Queries in Salesforce are a bit weird if you have experience with standard SQL (or pretty much any rdbms that isn't Salesforce, for that matter).
Salesforce's SOQL doesn't have joins per se. That is, there is no JOIN
keyword (and you can only specify a single object in the WHERE
clause). If you're querying the Opportunity
object, and need a field on the Account
object, you simply follow the relationship using dot notation.

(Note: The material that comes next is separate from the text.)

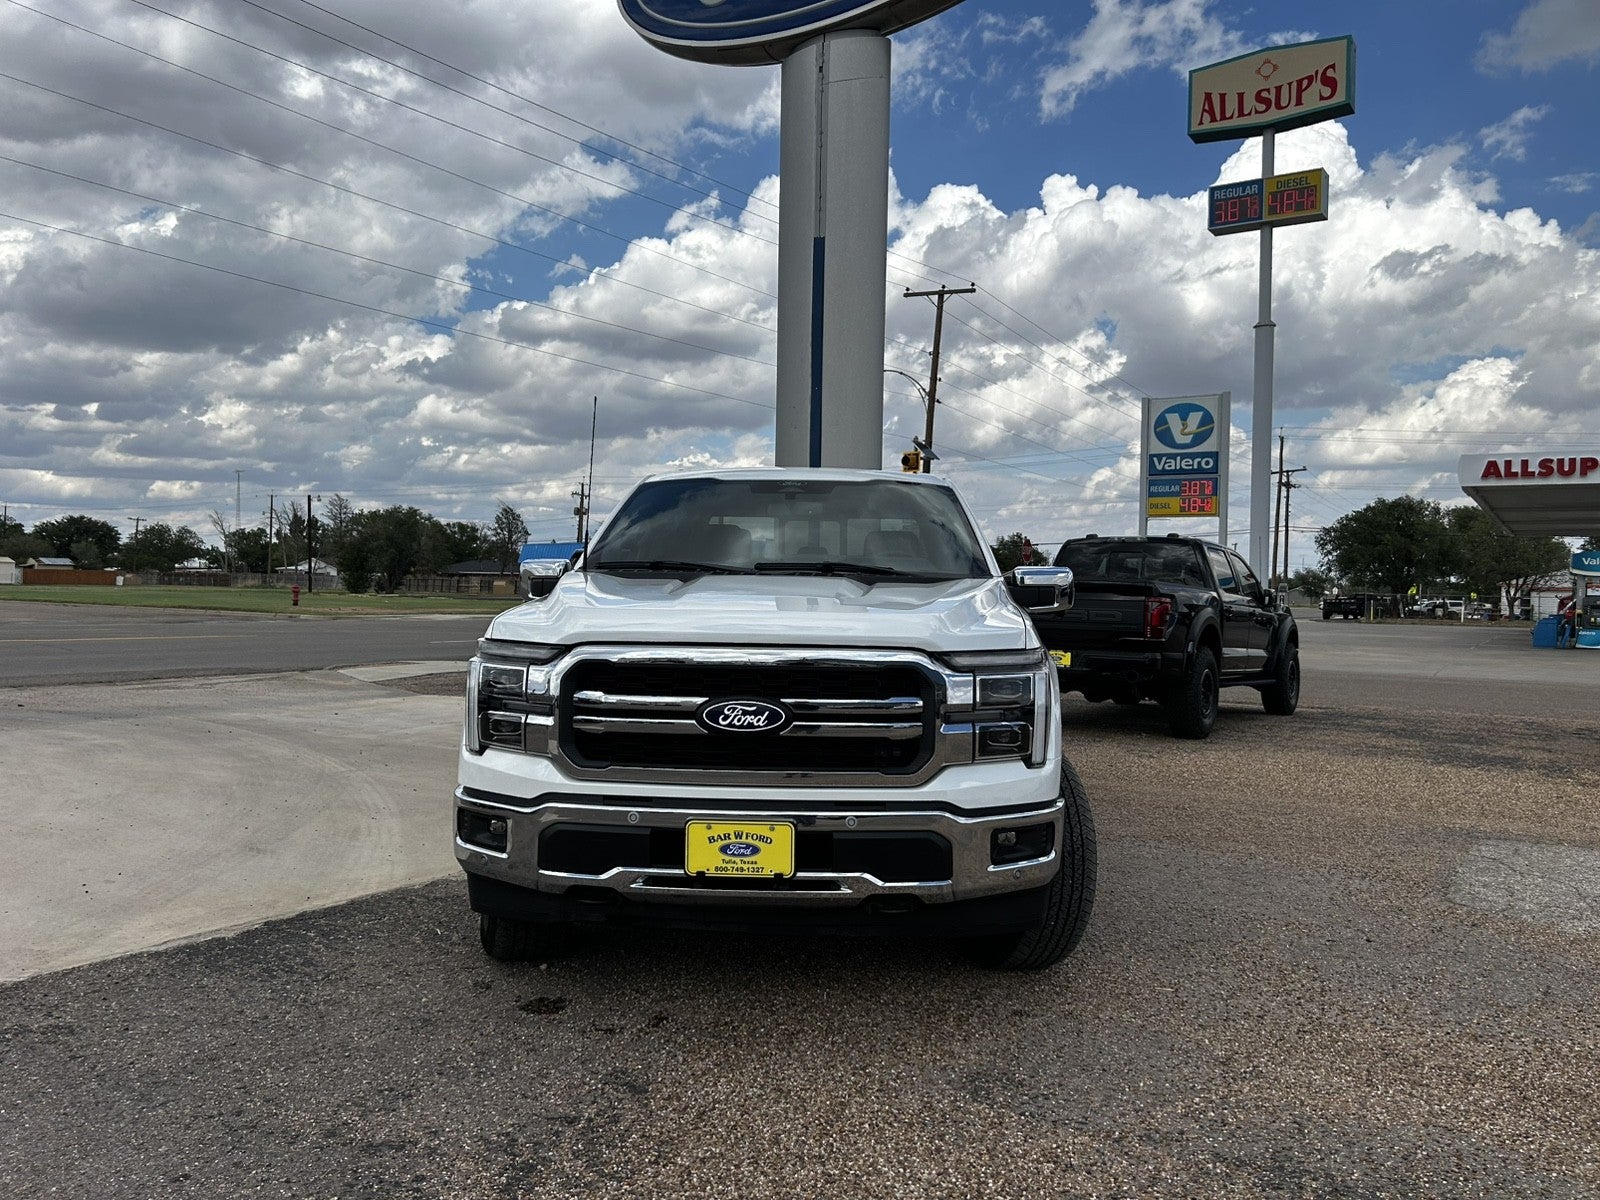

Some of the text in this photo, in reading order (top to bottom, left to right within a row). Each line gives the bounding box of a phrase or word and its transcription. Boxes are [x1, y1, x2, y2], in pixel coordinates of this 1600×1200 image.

You also don't need to alias the object that you're querying for.
[SELECT Id, Account.Name FROM Opportunity WHERE <condition>]
In your case, the full query would likely be
[SELECT Id, OwnerId, Account.Name, Account.Last_Meeting_Date__c, Name, Amount
FROM Opportunity
WHERE OwnerId = :UserInfo.getUserId()]
The only sticky bit here is to recognize that the relationship name that you use in the dot-notation in the SELECT
clause depends on whether the relationship is a standard field (which is the case between Opportunity
and Account
) or a custom field (which ends in __c
).
For most standard relationships, the API name of the field is <related object name>Id
such as AccountId
on Opportunity
. When fetching Account
fields in an Opportunity
query, you drop the 'Id' from the field's API name.
For custom relationships, where the field name ends in __c
, you simply change that to __r
.
That's for traversing upwards in a relationship hierarchy (ie. from a child record to it's parent record), and you can traverse upwards up to 5 levels.
Traversing down a hierarchy is another matter, and you can only traverse one level down.
The developer documentation on relationship queries goes into more detail, and should be helpful.